Sorenson's petition for declaratory ruling that service-related costs for field staff be allowed is a "straightforward question" to "clarify a misunderstanding of one simple concept," Sorenson said in reply comments posted Wednesday in docket 03-123 (see 2201110072). There's "no basis at all" for the Telecom Relay Service Fund administrator to determine that all costs related to field staff are disallowed because "sometimes ... field staff address [customer premises equipment]-related issues," Sorenson said. "Longstanding complaints about business models are not relevant to the question at hand," Sorenson responded to criticism from Convo Communications and GlobalVRS.
Don't approve Lumen's proposed asset sale to Apollo "without enforceable conditions on fiber investment, employment and plant retirement, and clarification on Connect Holding’s long-term plans," said the Communications Workers of America comments posted Wednesday in docket 21-350 (see 2108200035).
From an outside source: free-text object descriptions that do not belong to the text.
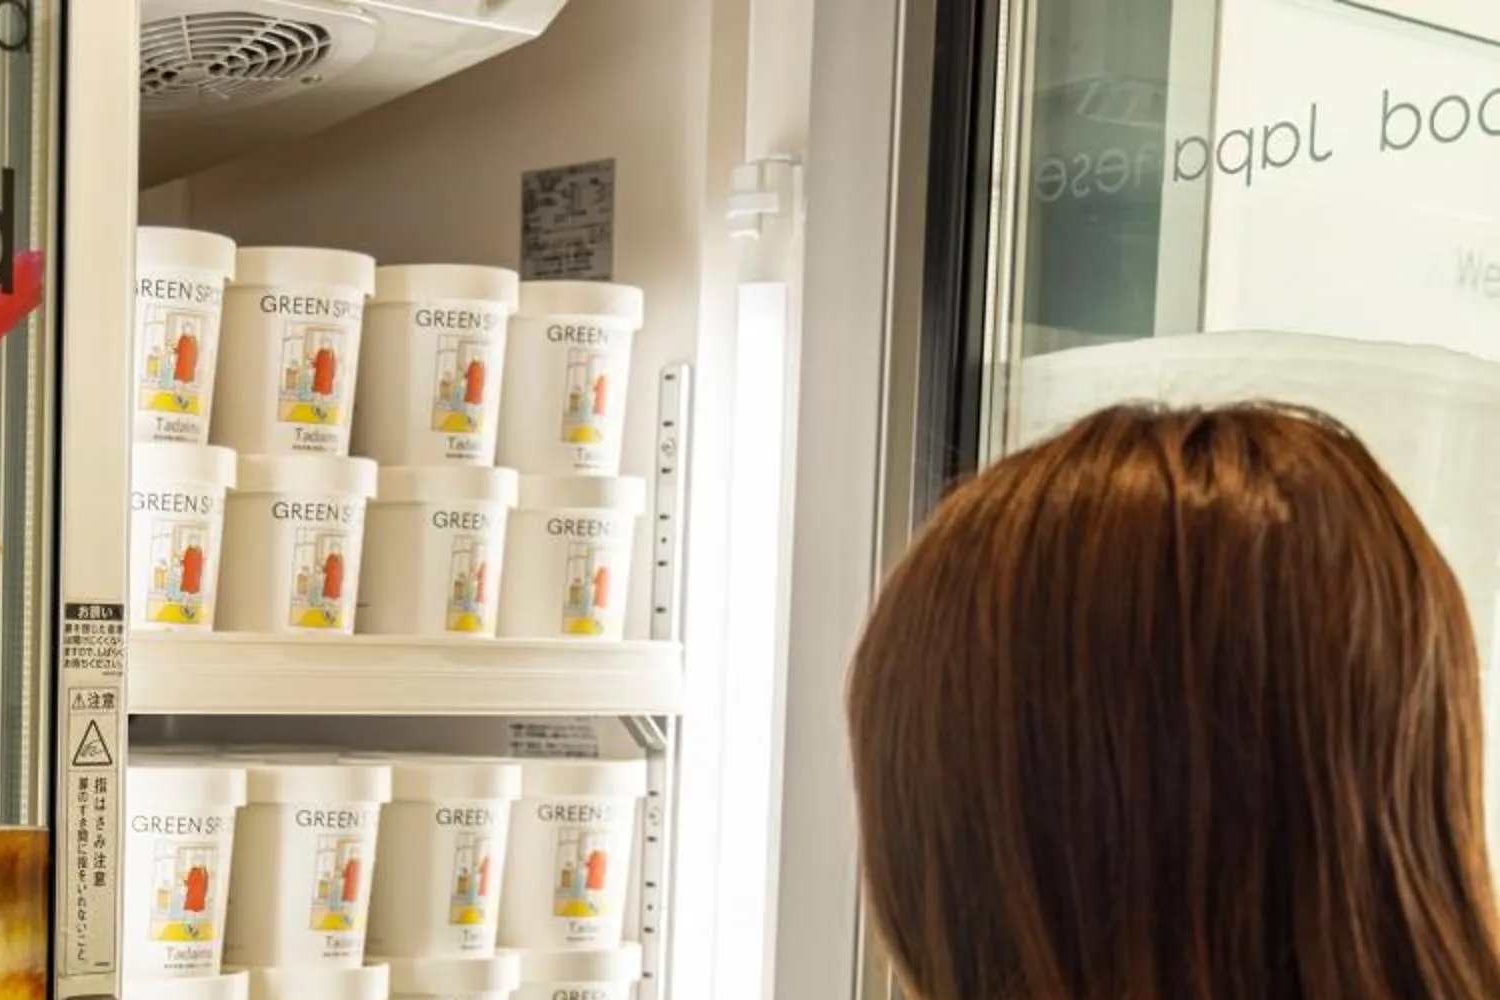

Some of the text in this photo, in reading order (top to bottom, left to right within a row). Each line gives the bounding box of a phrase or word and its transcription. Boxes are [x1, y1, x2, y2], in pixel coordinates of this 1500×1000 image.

[135, 279, 192, 300] REEN
[260, 295, 329, 315] GREEN
[416, 309, 481, 329] GREEN
[547, 325, 609, 343] GREEN
[131, 492, 197, 513] GREEN
[272, 501, 338, 520] GREEN
[547, 518, 610, 537] GREEN
[295, 809, 359, 829] GREEN
[435, 807, 494, 826] GREEN
[537, 804, 602, 823] GREEN
[131, 815, 202, 834] GREEN
Apollo's Connect Holdings would be called Brightspeed after the proposed transaction is completed. Require Connect Holdings to "disclose its investment plans for Brightspeed over a five-year and ten-year timeframe" and prohibit the company from using the capital raised through the transaction or debt offerings to pay dividends for at least three years, CWA said. Impose "strong [fiber to the premises] deployment" and other "specific deployment commitments," it said. Nearly 1,200 CWA workers in 15 bargaining units are located in the 20 states affected by the sale, CWA said. It said the proposed sale "could result in considerable harm to the public interest without strong commitments." Lumen and Apollo declined to comment.
The FCC Wireline Bureau and Office of Economics and Analytics adopted many of the proposals for the third mandatory data collection for inmate calling services, in an order Tuesday in docket 12-375 (see 2111050045). The reporting period was expanded to three years. ICS providers must report customer prepayments separately and any interest paid on prepayments. The bureau adopted its proposal on the types of data collected and added figures for new account generation and termination. It also adopted its proposal to require weekly turnover data. Site commissions must be categorized as either legally mandated or contractually prescribed. These payments must also be disaggregated between monetary and in-kind payments, as well as whether they are fixed or variable. Providers will be required to report how site commissions are allocated between ICS and non-ICS operations. The bureau expanded its proposal on security costs to include providers’ security and surveillance services "outside the site commission section."